Work instructions:
A faithful copy of the whole listing is the goal. Match it exactly.
========================================
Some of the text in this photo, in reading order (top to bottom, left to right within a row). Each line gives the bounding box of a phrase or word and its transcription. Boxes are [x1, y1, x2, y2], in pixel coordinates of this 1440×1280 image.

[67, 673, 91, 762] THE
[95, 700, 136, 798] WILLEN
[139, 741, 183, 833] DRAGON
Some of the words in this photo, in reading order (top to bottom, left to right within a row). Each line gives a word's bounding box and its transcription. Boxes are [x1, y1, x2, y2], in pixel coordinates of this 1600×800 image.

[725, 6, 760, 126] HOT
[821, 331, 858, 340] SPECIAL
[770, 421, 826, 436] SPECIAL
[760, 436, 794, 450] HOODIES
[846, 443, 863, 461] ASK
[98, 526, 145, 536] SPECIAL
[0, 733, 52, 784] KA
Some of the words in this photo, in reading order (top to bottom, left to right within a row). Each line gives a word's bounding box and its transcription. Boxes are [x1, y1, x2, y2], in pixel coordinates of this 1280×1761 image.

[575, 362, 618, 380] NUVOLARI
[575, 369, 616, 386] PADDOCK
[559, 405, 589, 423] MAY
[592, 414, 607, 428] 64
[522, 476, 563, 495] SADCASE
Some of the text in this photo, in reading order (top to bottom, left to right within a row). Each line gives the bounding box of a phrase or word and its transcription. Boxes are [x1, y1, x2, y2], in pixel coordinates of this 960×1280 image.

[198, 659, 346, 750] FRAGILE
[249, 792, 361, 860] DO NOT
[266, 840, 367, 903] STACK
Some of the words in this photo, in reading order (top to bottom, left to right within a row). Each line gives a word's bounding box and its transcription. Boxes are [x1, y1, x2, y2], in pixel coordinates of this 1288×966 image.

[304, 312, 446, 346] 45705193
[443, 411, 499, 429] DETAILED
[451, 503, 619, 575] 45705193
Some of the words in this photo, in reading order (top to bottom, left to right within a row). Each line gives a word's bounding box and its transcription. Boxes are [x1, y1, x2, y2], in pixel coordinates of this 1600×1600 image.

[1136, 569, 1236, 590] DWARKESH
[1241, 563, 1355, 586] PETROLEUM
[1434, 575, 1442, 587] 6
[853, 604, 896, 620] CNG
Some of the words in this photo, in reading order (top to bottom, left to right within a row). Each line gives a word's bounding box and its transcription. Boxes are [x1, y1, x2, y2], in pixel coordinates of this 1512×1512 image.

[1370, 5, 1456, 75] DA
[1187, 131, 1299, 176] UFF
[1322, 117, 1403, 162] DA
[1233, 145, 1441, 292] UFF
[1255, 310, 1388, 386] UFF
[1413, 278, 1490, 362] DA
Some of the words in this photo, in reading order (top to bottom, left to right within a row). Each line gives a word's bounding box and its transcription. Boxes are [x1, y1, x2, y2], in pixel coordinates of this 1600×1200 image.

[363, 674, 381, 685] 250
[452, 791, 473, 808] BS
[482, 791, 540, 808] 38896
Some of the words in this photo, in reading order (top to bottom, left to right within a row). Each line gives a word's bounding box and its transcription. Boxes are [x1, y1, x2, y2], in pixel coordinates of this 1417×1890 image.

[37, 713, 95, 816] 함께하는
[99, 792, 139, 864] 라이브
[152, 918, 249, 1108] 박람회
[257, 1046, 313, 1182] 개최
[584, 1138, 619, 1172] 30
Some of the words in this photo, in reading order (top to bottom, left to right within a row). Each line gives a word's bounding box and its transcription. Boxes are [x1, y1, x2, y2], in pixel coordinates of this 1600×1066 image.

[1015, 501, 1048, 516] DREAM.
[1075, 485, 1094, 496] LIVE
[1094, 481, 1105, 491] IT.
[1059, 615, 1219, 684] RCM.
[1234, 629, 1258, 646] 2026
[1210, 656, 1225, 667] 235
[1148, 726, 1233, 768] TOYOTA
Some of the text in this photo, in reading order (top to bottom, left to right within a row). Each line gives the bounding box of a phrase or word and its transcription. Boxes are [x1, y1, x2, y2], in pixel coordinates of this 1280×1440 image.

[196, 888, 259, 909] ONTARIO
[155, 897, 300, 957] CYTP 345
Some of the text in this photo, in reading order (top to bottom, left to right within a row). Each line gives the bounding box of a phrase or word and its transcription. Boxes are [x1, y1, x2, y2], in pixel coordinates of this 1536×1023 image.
========================================
The completed task:
Some of the text in this photo, in reading order (top to bottom, left to right within a row). Each line gives the bounding box of a phrase or word and its transcription. Boxes are [x1, y1, x2, y2], in pixel coordinates of this 1440×1280 image.

[67, 673, 91, 762] THE
[95, 700, 136, 798] WILLEN
[139, 741, 183, 833] DRAGON
Some of the words in this photo, in reading order (top to bottom, left to right within a row). Each line gives a word's bounding box and its transcription. Boxes are [x1, y1, x2, y2], in pixel coordinates of this 1600×800 image.

[725, 6, 760, 126] HOT
[821, 331, 858, 340] SPECIAL
[770, 421, 826, 436] SPECIAL
[760, 436, 794, 450] HOODIES
[846, 443, 863, 461] ASK
[98, 526, 145, 536] SPECIAL
[0, 733, 52, 784] KA
Some of the words in this photo, in reading order (top to bottom, left to right within a row). Each line gives a word's bounding box and its transcription. Boxes are [x1, y1, x2, y2], in pixel coordinates of this 1280×1761 image.

[575, 362, 618, 380] NUVOLARI
[575, 369, 616, 386] PADDOCK
[559, 405, 589, 423] MAY
[592, 414, 607, 428] 64
[522, 476, 563, 495] SADCASE
Some of the text in this photo, in reading order (top to bottom, left to right within a row). Each line gives the bounding box of a phrase or word and its transcription. Boxes are [x1, y1, x2, y2], in pixel coordinates of this 960×1280 image.

[198, 659, 346, 750] FRAGILE
[249, 792, 361, 860] DO NOT
[266, 840, 367, 903] STACK
Some of the words in this photo, in reading order (top to bottom, left to right within a row). Each line gives a word's bounding box and its transcription. Boxes are [x1, y1, x2, y2], in pixel coordinates of this 1288×966 image.

[304, 312, 446, 346] 45705193
[443, 411, 499, 429] DETAILED
[451, 503, 619, 575] 45705193
Some of the words in this photo, in reading order (top to bottom, left to right within a row). Each line gives a word's bounding box and its transcription. Boxes are [x1, y1, x2, y2], in pixel coordinates of this 1600×1600 image.

[1136, 569, 1236, 590] DWARKESH
[1241, 563, 1355, 586] PETROLEUM
[1434, 575, 1442, 587] 6
[853, 604, 896, 620] CNG
Some of the words in this photo, in reading order (top to bottom, left to right within a row). Each line gives a word's bounding box and its transcription. Boxes are [x1, y1, x2, y2], in pixel coordinates of this 1512×1512 image.

[1370, 5, 1456, 75] DA
[1187, 131, 1299, 176] UFF
[1322, 117, 1403, 162] DA
[1233, 145, 1441, 292] UFF
[1255, 310, 1388, 386] UFF
[1413, 278, 1490, 362] DA
Some of the words in this photo, in reading order (top to bottom, left to right within a row). Each line gives a word's bounding box and its transcription. Boxes are [x1, y1, x2, y2], in pixel coordinates of this 1600×1200 image.

[363, 674, 381, 685] 250
[452, 791, 473, 808] BS
[482, 791, 540, 808] 38896
Some of the words in this photo, in reading order (top to bottom, left to right within a row). Each line gives a word's bounding box and its transcription. Boxes are [x1, y1, x2, y2], in pixel coordinates of this 1417×1890 image.

[37, 713, 95, 816] 함께하는
[99, 792, 139, 864] 라이브
[152, 918, 249, 1108] 박람회
[257, 1046, 313, 1182] 개최
[584, 1138, 619, 1172] 30
Some of the words in this photo, in reading order (top to bottom, left to right within a row). Each line gives a word's bounding box and its transcription. Boxes are [x1, y1, x2, y2], in pixel coordinates of this 1600×1066 image.

[1015, 501, 1048, 516] DREAM.
[1075, 485, 1094, 496] LIVE
[1094, 481, 1105, 491] IT.
[1059, 615, 1219, 684] RCM.
[1234, 629, 1258, 646] 2026
[1210, 656, 1225, 667] 235
[1148, 726, 1233, 768] TOYOTA
Some of the text in this photo, in reading order (top to bottom, left to right within a row). Each line gives the bounding box of a phrase or word and its transcription. Boxes are [x1, y1, x2, y2], in pixel coordinates of this 1280×1440 image.

[196, 888, 259, 909] ONTARIO
[155, 897, 300, 957] CYTP 345
Some of the text in this photo, in reading order (top to bottom, left to right within a row). Each line gives the bounding box of a phrase or word and its transcription. Boxes are [x1, y1, x2, y2], in pixel coordinates of this 1536×1023 image.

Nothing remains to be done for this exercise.